**Records:**
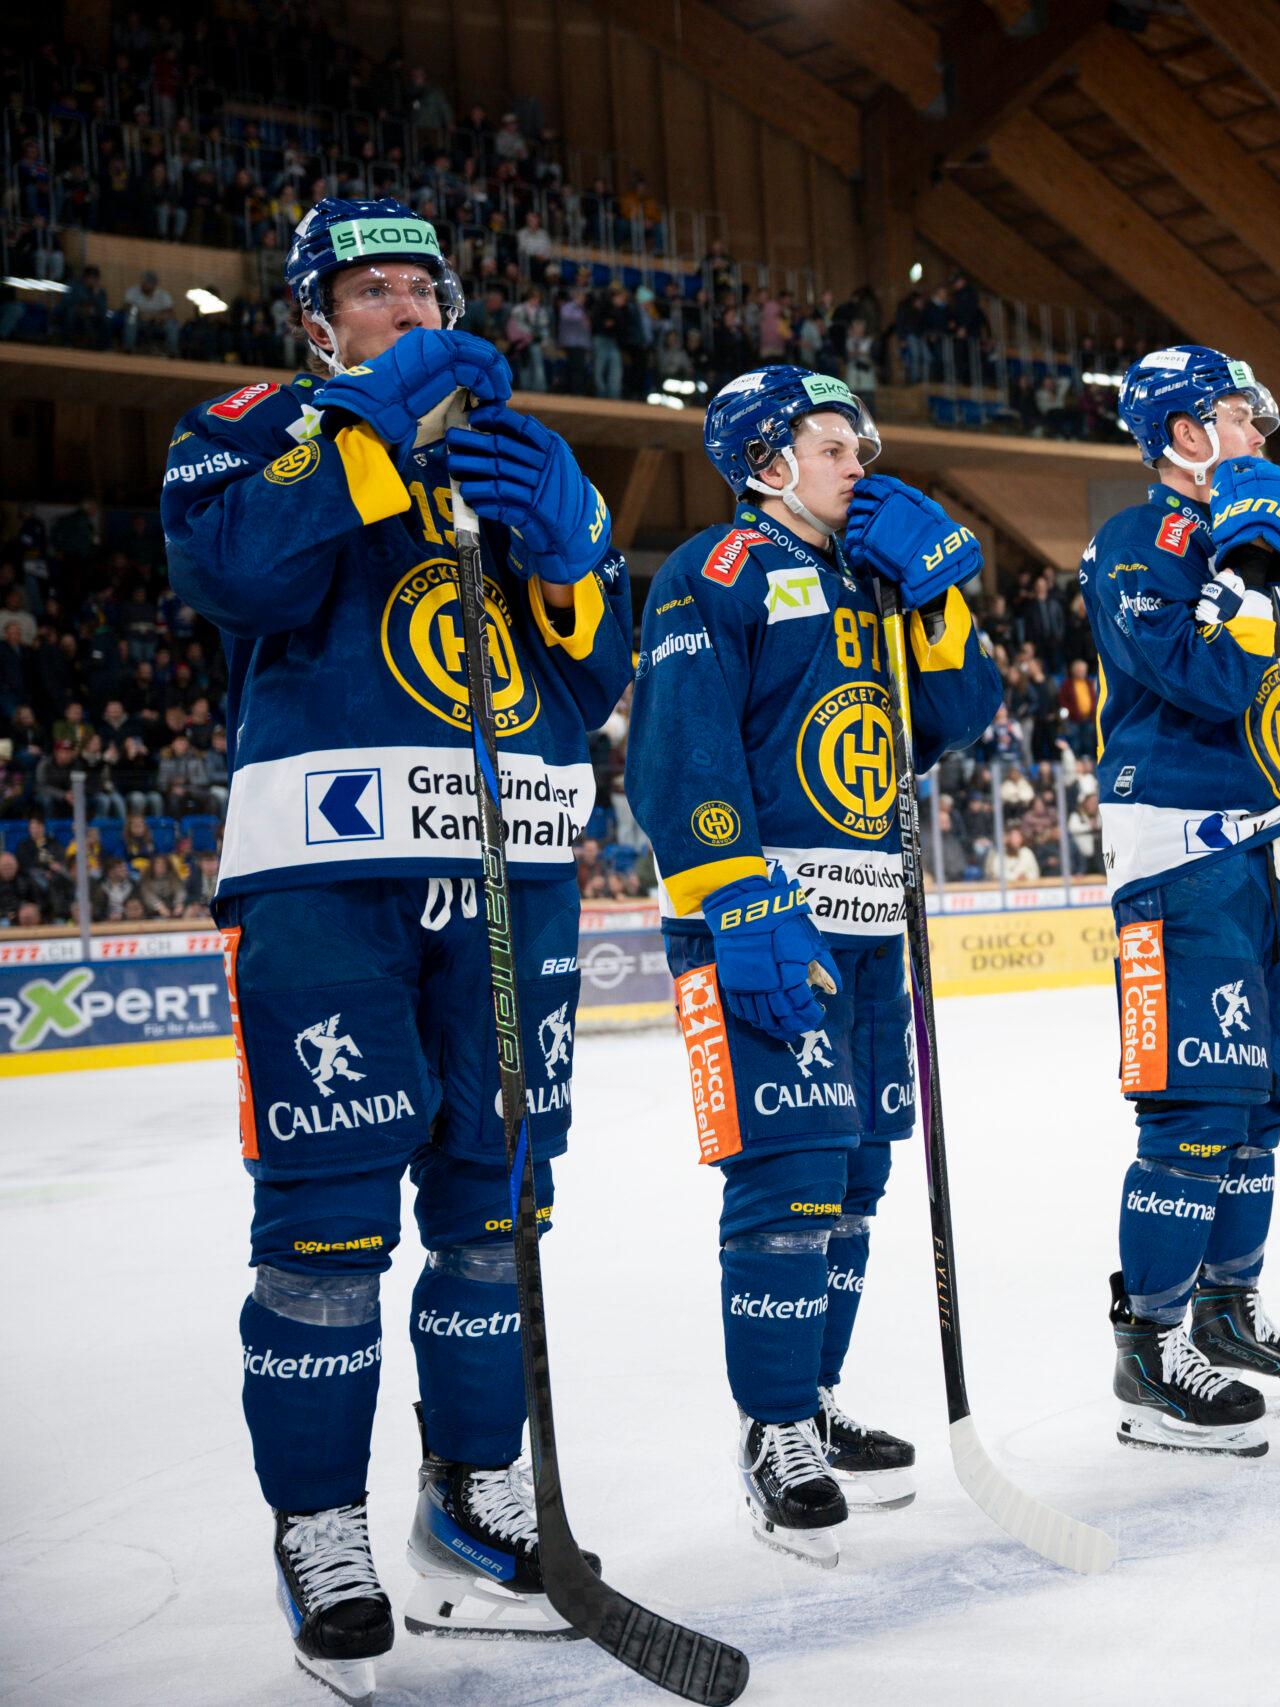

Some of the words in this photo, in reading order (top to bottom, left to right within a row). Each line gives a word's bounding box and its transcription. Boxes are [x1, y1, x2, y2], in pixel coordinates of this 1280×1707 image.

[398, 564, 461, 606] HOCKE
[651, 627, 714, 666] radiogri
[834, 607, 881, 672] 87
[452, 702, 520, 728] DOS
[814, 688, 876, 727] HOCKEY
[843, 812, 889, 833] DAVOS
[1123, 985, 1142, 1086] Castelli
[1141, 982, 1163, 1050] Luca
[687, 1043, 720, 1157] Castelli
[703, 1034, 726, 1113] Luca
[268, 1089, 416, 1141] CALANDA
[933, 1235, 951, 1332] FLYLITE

**What is expected:**
The whole listing should be reproduced exactly. Images don't go in.

**Response box:**
Some of the words in this photo, in reading order (top to bottom, left to right within a row). Each line gives a word's bounding box and its transcription. Boxes are [x1, y1, x2, y2], in pixel coordinates of this 1280×1707 image.

[398, 564, 461, 606] HOCKE
[651, 627, 714, 666] radiogri
[834, 607, 881, 672] 87
[452, 702, 520, 728] DOS
[814, 688, 876, 727] HOCKEY
[843, 812, 889, 833] DAVOS
[1123, 985, 1142, 1086] Castelli
[1141, 982, 1163, 1050] Luca
[687, 1043, 720, 1157] Castelli
[703, 1034, 726, 1113] Luca
[268, 1089, 416, 1141] CALANDA
[933, 1235, 951, 1332] FLYLITE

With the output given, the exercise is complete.